PROBLEM STATEMENT:
Reproduce the records exactly, but not the pictures.
◆ ◆ ◆ ◆
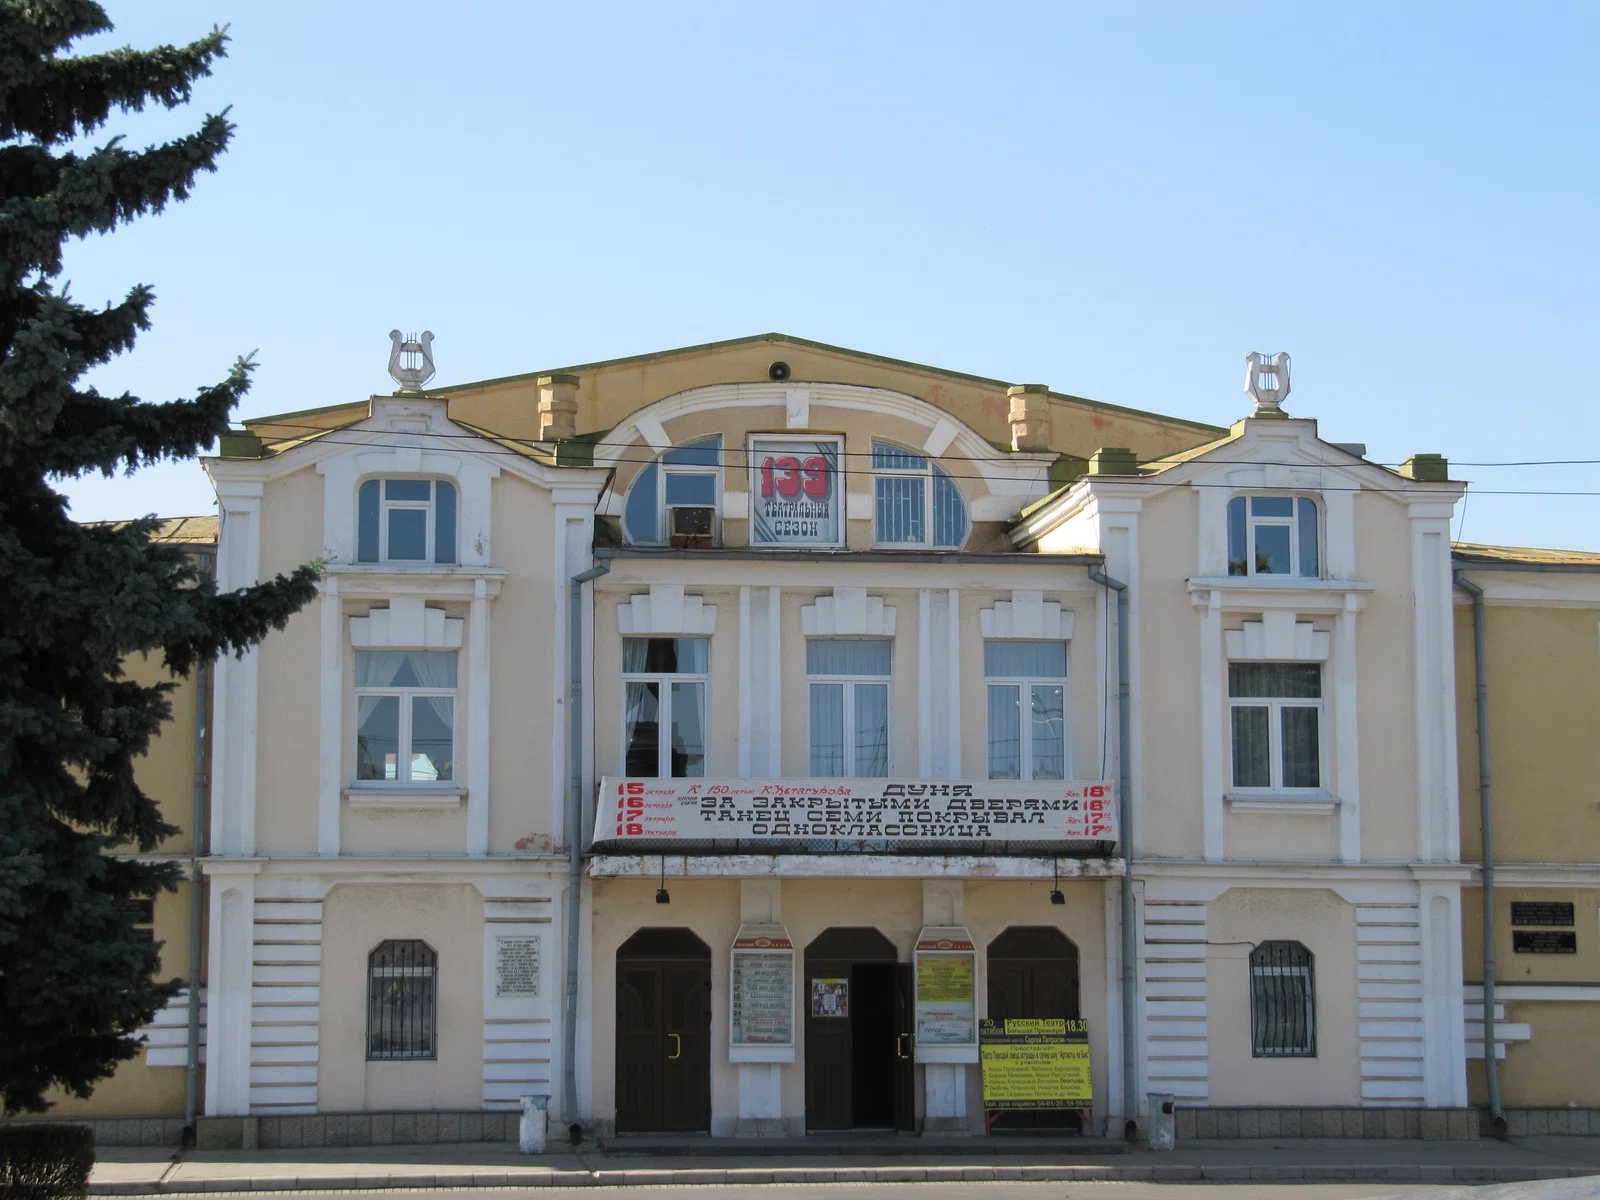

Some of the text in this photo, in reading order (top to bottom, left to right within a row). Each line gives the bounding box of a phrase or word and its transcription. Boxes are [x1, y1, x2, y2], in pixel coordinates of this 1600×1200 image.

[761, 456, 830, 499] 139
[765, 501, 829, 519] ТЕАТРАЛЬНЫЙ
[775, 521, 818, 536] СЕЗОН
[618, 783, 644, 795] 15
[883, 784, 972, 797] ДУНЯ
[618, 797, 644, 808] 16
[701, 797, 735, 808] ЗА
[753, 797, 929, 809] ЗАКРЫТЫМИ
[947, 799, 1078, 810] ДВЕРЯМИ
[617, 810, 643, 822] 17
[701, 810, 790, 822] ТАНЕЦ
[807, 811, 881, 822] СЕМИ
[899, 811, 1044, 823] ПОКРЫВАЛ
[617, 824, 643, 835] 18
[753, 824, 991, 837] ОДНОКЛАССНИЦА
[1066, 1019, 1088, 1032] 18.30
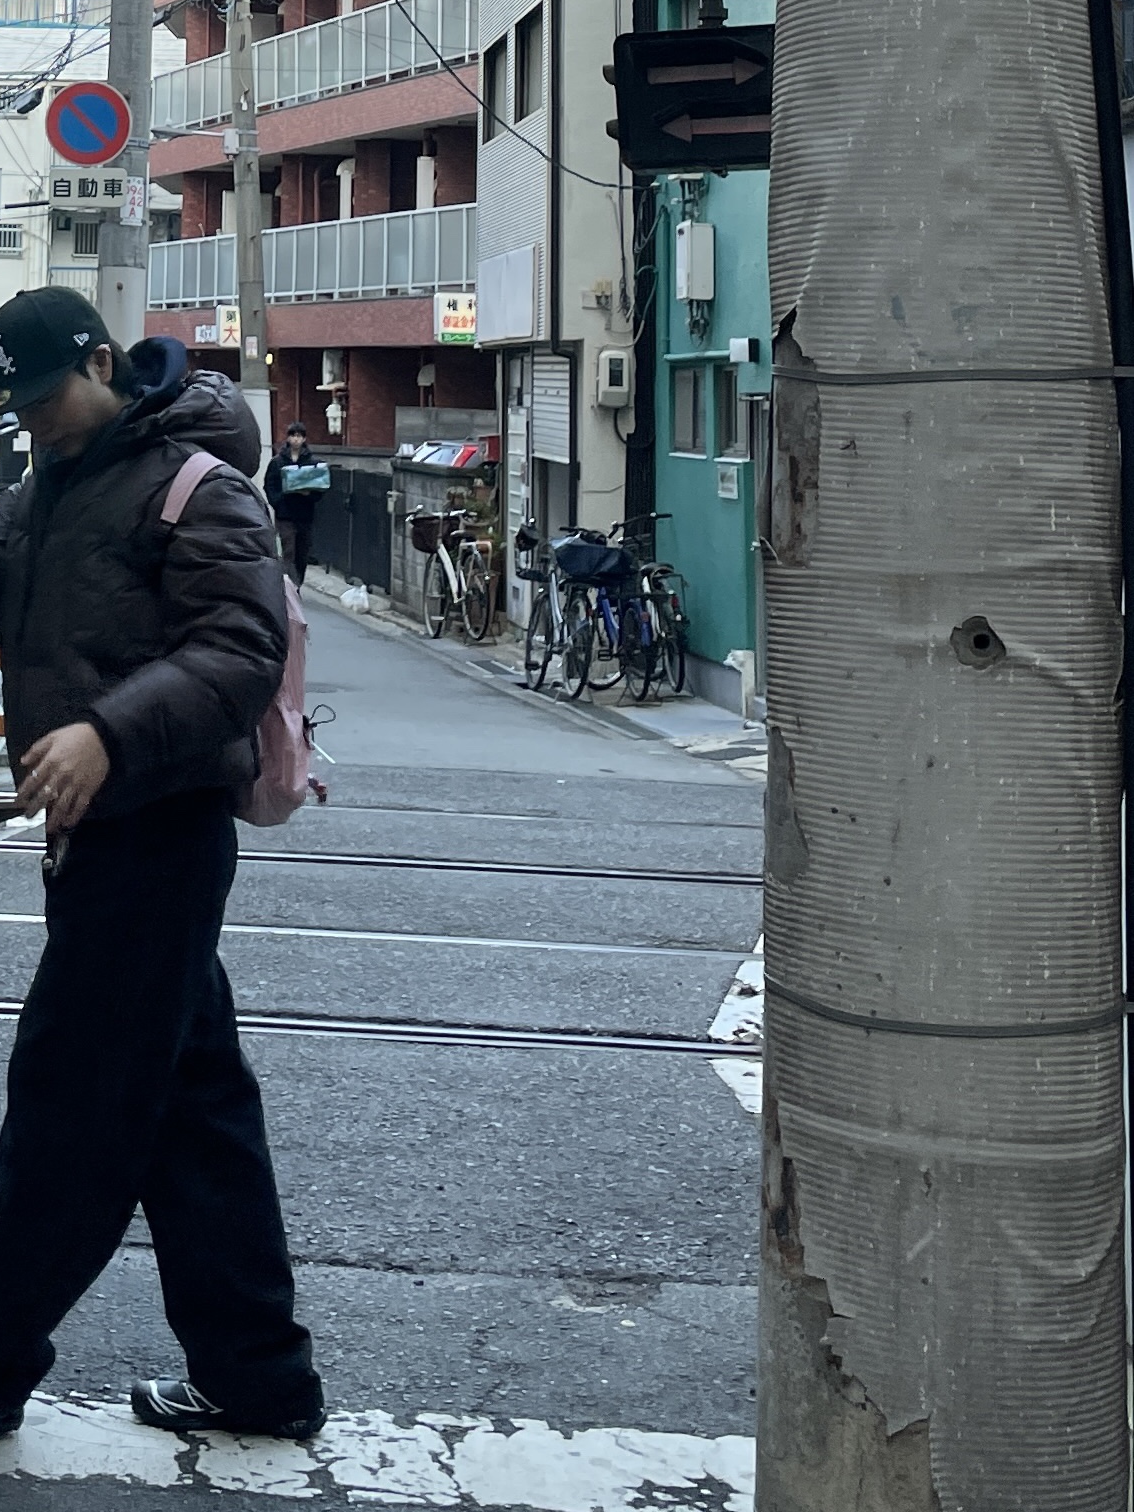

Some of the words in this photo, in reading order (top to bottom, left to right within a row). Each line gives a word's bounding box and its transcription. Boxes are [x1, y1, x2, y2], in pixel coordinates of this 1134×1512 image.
◆ ◆ ◆ ◆
ANSWER TO THIS EXERCISE:
Some of the text in this photo, in reading order (top to bottom, left to right within a row). Each line gives the bounding box of a phrase or word and its transcription. Boxes are [x1, y1, x2, y2], in pixel coordinates of this 1600×1200 image.

[761, 456, 830, 499] 139
[765, 501, 829, 519] ТЕАТРАЛЬНЫЙ
[775, 521, 818, 536] СЕЗОН
[618, 783, 644, 795] 15
[883, 784, 972, 797] ДУНЯ
[618, 797, 644, 808] 16
[701, 797, 735, 808] ЗА
[753, 797, 929, 809] ЗАКРЫТЫМИ
[947, 799, 1078, 810] ДВЕРЯМИ
[617, 810, 643, 822] 17
[701, 810, 790, 822] ТАНЕЦ
[807, 811, 881, 822] СЕМИ
[899, 811, 1044, 823] ПОКРЫВАЛ
[617, 824, 643, 835] 18
[753, 824, 991, 837] ОДНОКЛАССНИЦА
[1066, 1019, 1088, 1032] 18.30

Some of the words in this photo, in reading order (top to bottom, left to right within a row). Each line gives a word's bounding box and its transcription. Boxes are [x1, y1, x2, y2], in pixel coordinates of this 1134×1512 image.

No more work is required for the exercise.